> **Work instructions**:
Return all of the following entries as written, but without the images.

> **Source information**:

_ _ _

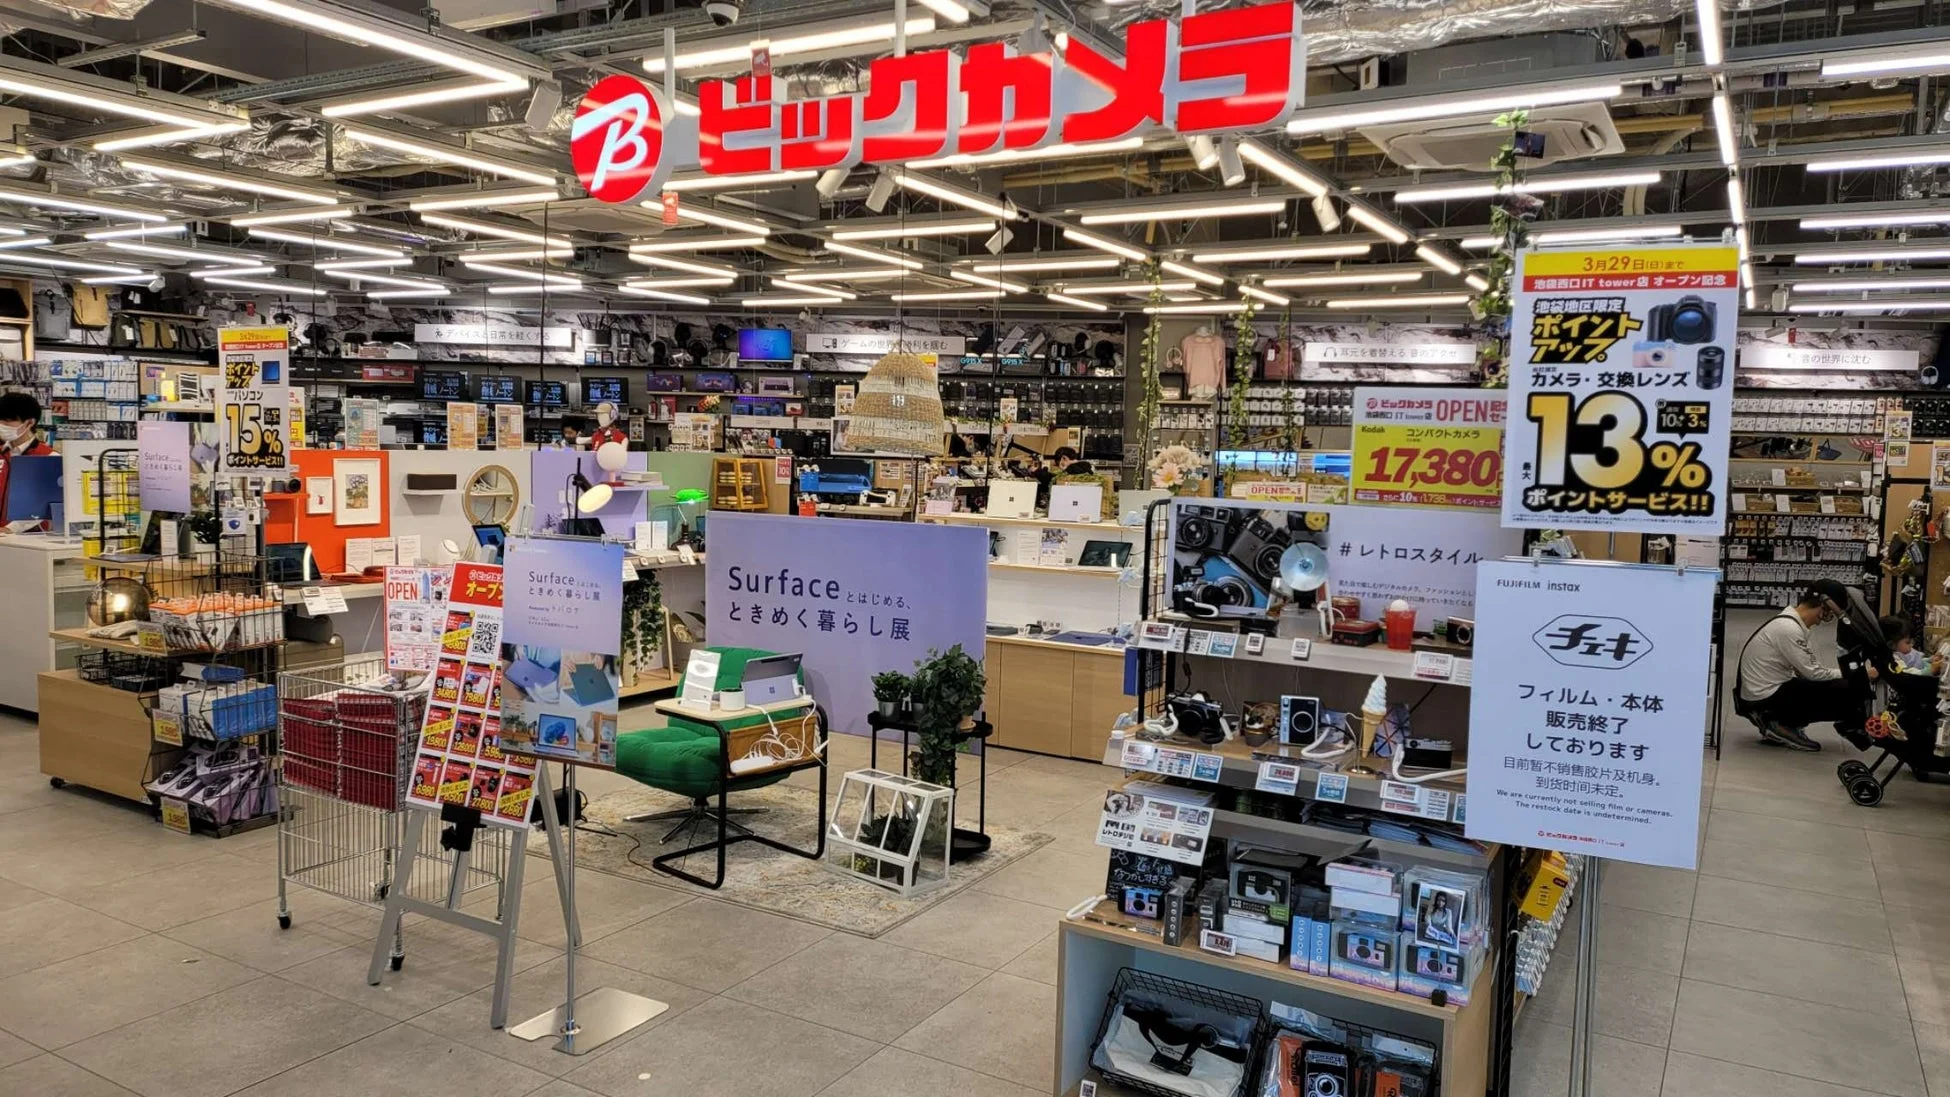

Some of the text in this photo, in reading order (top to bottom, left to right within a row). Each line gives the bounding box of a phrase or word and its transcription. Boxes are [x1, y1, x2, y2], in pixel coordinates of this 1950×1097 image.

[700, 1, 1303, 175] ビックカメラ
[1583, 255, 1685, 272] 3月29日(日)まで
[1599, 276, 1649, 288] tower店
[1653, 273, 1727, 287] オープン記念
[1536, 299, 1624, 313] 池袋地区限定
[1532, 313, 1643, 339] ポイント
[1531, 338, 1616, 362] アップ
[226, 362, 260, 376] ポイント
[1531, 371, 1691, 388] カメラ・交換レンズ
[234, 391, 264, 401] パソコン
[1381, 399, 1433, 409] ビックカメラ
[1436, 398, 1489, 422] OPEN
[1361, 425, 1386, 434] Kodak
[1405, 428, 1481, 440] コンパクトカメラ
[1526, 488, 1709, 512] ポイントサービス!!
[1340, 542, 1484, 565] # レトロスタイル
[528, 570, 575, 586] Surface
[728, 566, 912, 611] Surface とはじめる、
[1496, 578, 1581, 593] FUJIFILM instax
[387, 582, 418, 601] OPEN
[728, 601, 911, 642] ときめく暮らし展
[1545, 622, 1641, 662] チェキ
[1517, 683, 1665, 714] フィルム・本体
[1545, 710, 1630, 735] 販売終了
[1526, 732, 1651, 762] しております
[1503, 755, 1661, 788] 目前暂不销售胶片及机身。
[1535, 775, 1625, 799] 到货时间未定。
[1496, 788, 1509, 797] We
[1510, 791, 1523, 799] are
[1524, 792, 1562, 806] currently
[1563, 797, 1577, 806] not
[1579, 799, 1607, 811] selling
[1608, 802, 1624, 812] film
[1636, 807, 1674, 818] cameras.
[1515, 800, 1653, 825] The restock date is undetermined.
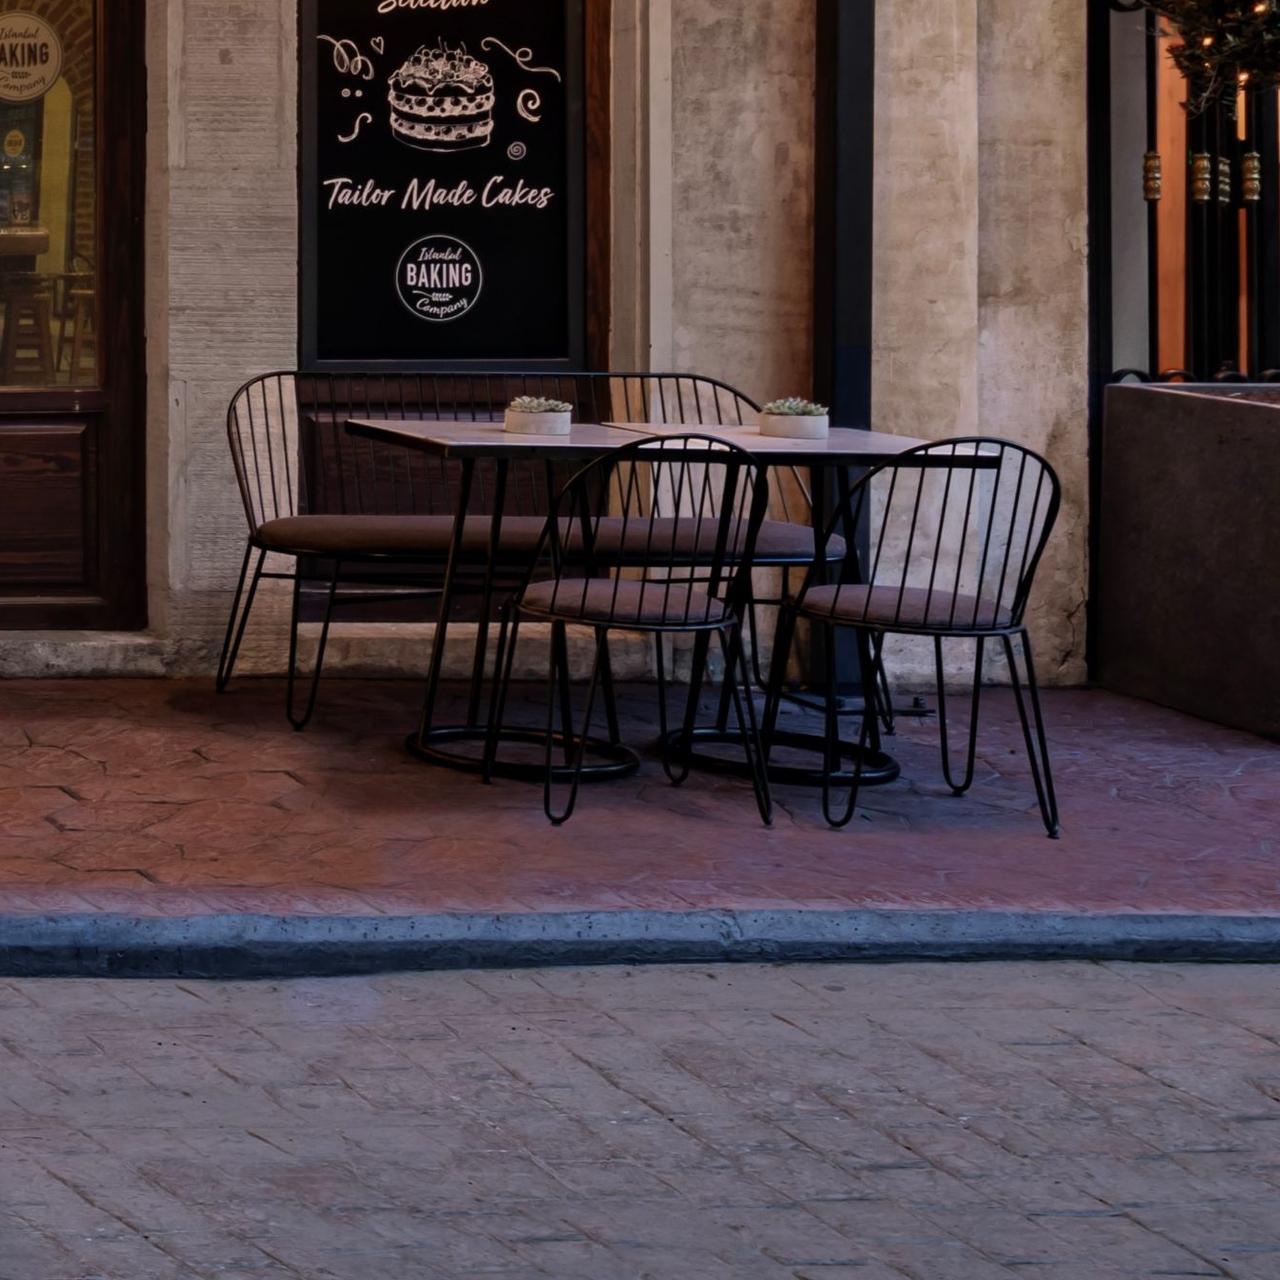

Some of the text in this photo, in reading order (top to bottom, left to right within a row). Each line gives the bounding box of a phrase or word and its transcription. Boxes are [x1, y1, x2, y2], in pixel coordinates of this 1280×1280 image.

[323, 175, 554, 210] Tailor Made Cakes
[417, 247, 462, 261] Istanbul
[406, 263, 472, 288] BAKING
[416, 298, 468, 318] Company
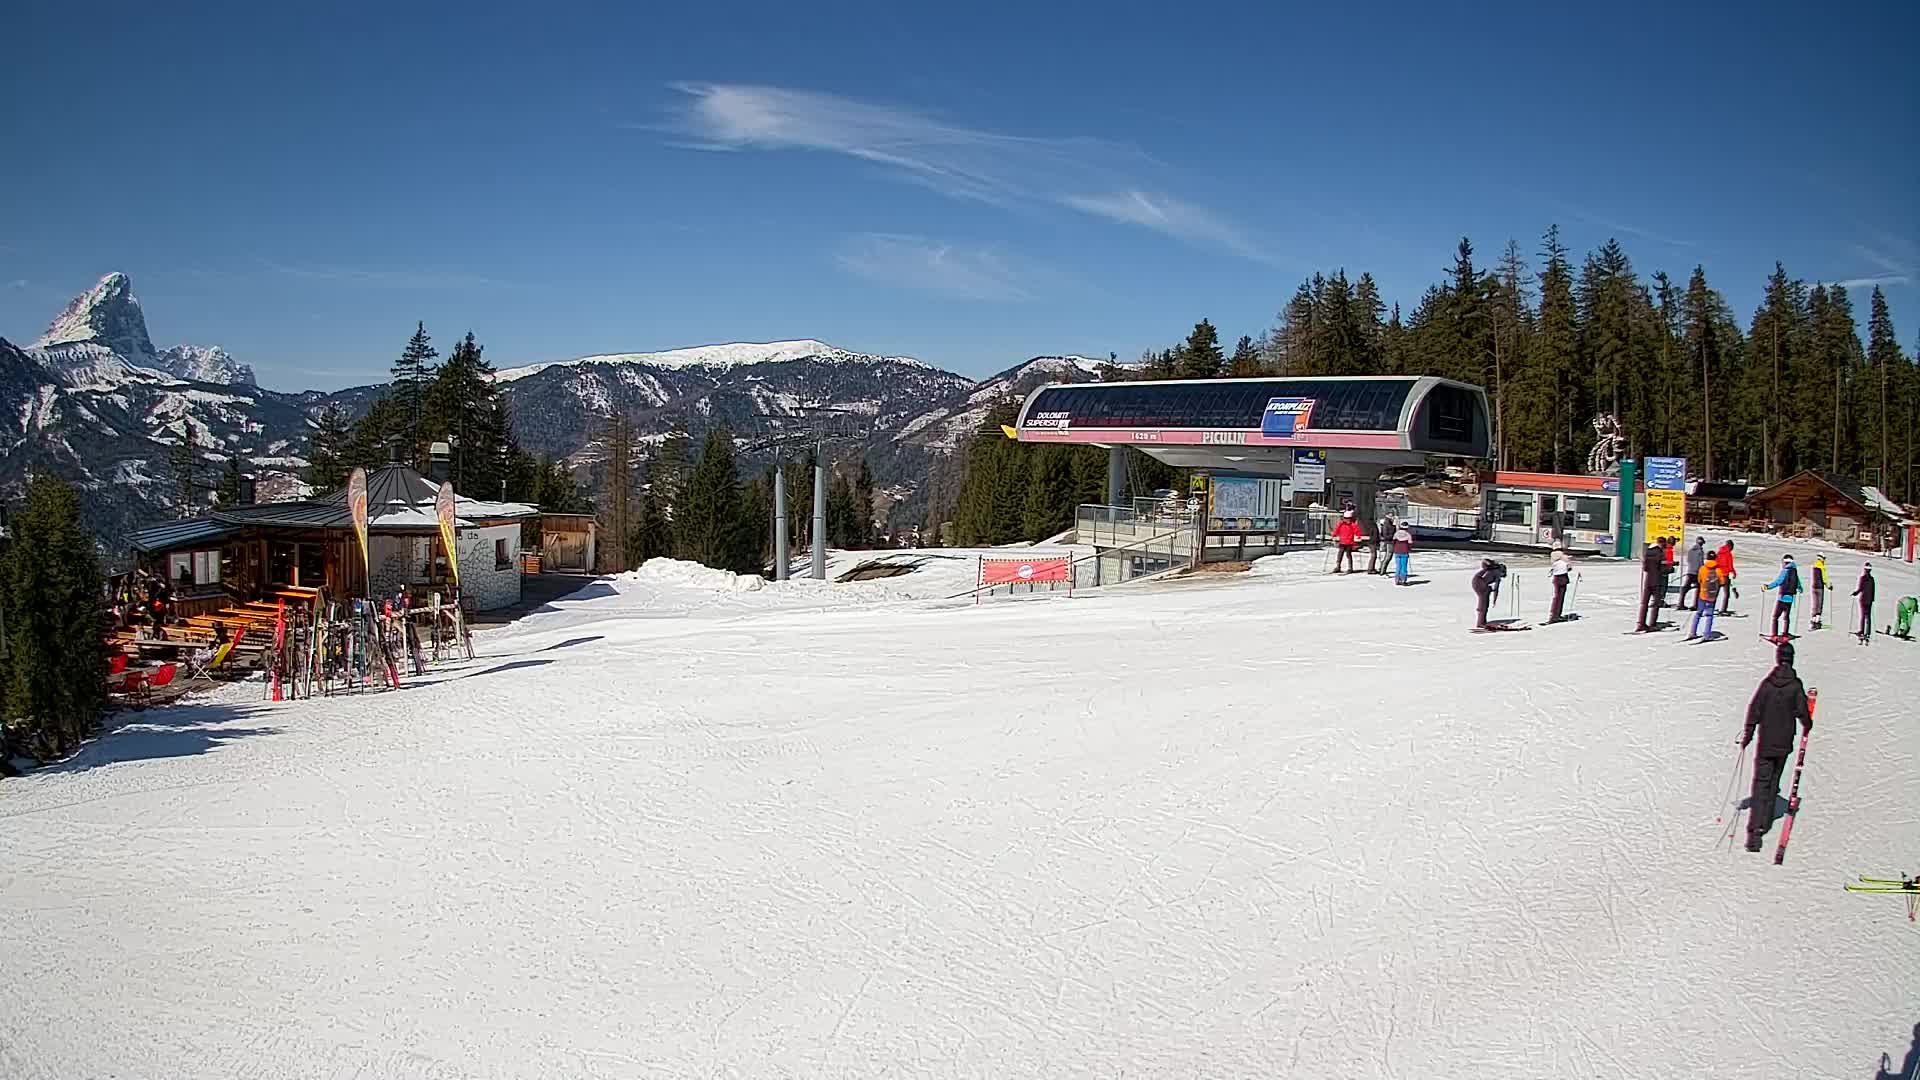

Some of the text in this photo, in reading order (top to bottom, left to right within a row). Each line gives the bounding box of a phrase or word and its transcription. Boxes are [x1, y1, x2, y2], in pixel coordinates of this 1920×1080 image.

[1266, 402, 1313, 411] KRONPLATZ
[1037, 411, 1070, 419] DOLOMITI
[1025, 419, 1059, 427] SUPERSKI
[1202, 431, 1246, 445] PICULIN

_ _ _

> **Solved exercise**:
Some of the text in this photo, in reading order (top to bottom, left to right within a row). Each line gives the bounding box of a phrase or word and its transcription. Boxes are [x1, y1, x2, y2], in pixel coordinates of this 1950×1097 image.

[700, 1, 1303, 175] ビックカメラ
[1583, 255, 1685, 272] 3月29日(日)まで
[1599, 276, 1649, 288] tower店
[1653, 273, 1727, 287] オープン記念
[1536, 299, 1624, 313] 池袋地区限定
[1532, 313, 1643, 339] ポイント
[1531, 338, 1616, 362] アップ
[226, 362, 260, 376] ポイント
[1531, 371, 1691, 388] カメラ・交換レンズ
[234, 391, 264, 401] パソコン
[1381, 399, 1433, 409] ビックカメラ
[1436, 398, 1489, 422] OPEN
[1361, 425, 1386, 434] Kodak
[1405, 428, 1481, 440] コンパクトカメラ
[1526, 488, 1709, 512] ポイントサービス!!
[1340, 542, 1484, 565] # レトロスタイル
[528, 570, 575, 586] Surface
[728, 566, 912, 611] Surface とはじめる、
[1496, 578, 1581, 593] FUJIFILM instax
[387, 582, 418, 601] OPEN
[728, 601, 911, 642] ときめく暮らし展
[1545, 622, 1641, 662] チェキ
[1517, 683, 1665, 714] フィルム・本体
[1545, 710, 1630, 735] 販売終了
[1526, 732, 1651, 762] しております
[1503, 755, 1661, 788] 目前暂不销售胶片及机身。
[1535, 775, 1625, 799] 到货时间未定。
[1496, 788, 1509, 797] We
[1510, 791, 1523, 799] are
[1524, 792, 1562, 806] currently
[1563, 797, 1577, 806] not
[1579, 799, 1607, 811] selling
[1608, 802, 1624, 812] film
[1636, 807, 1674, 818] cameras.
[1515, 800, 1653, 825] The restock date is undetermined.

Some of the text in this photo, in reading order (top to bottom, left to right within a row). Each line gives the bounding box of a phrase or word and its transcription. Boxes are [x1, y1, x2, y2], in pixel coordinates of this 1280×1280 image.

[323, 175, 554, 210] Tailor Made Cakes
[417, 247, 462, 261] Istanbul
[406, 263, 472, 288] BAKING
[416, 298, 468, 318] Company

Some of the text in this photo, in reading order (top to bottom, left to right within a row). Each line gives the bounding box of a phrase or word and its transcription. Boxes are [x1, y1, x2, y2], in pixel coordinates of this 1920×1080 image.

[1266, 402, 1313, 411] KRONPLATZ
[1037, 411, 1070, 419] DOLOMITI
[1025, 419, 1059, 427] SUPERSKI
[1202, 431, 1246, 445] PICULIN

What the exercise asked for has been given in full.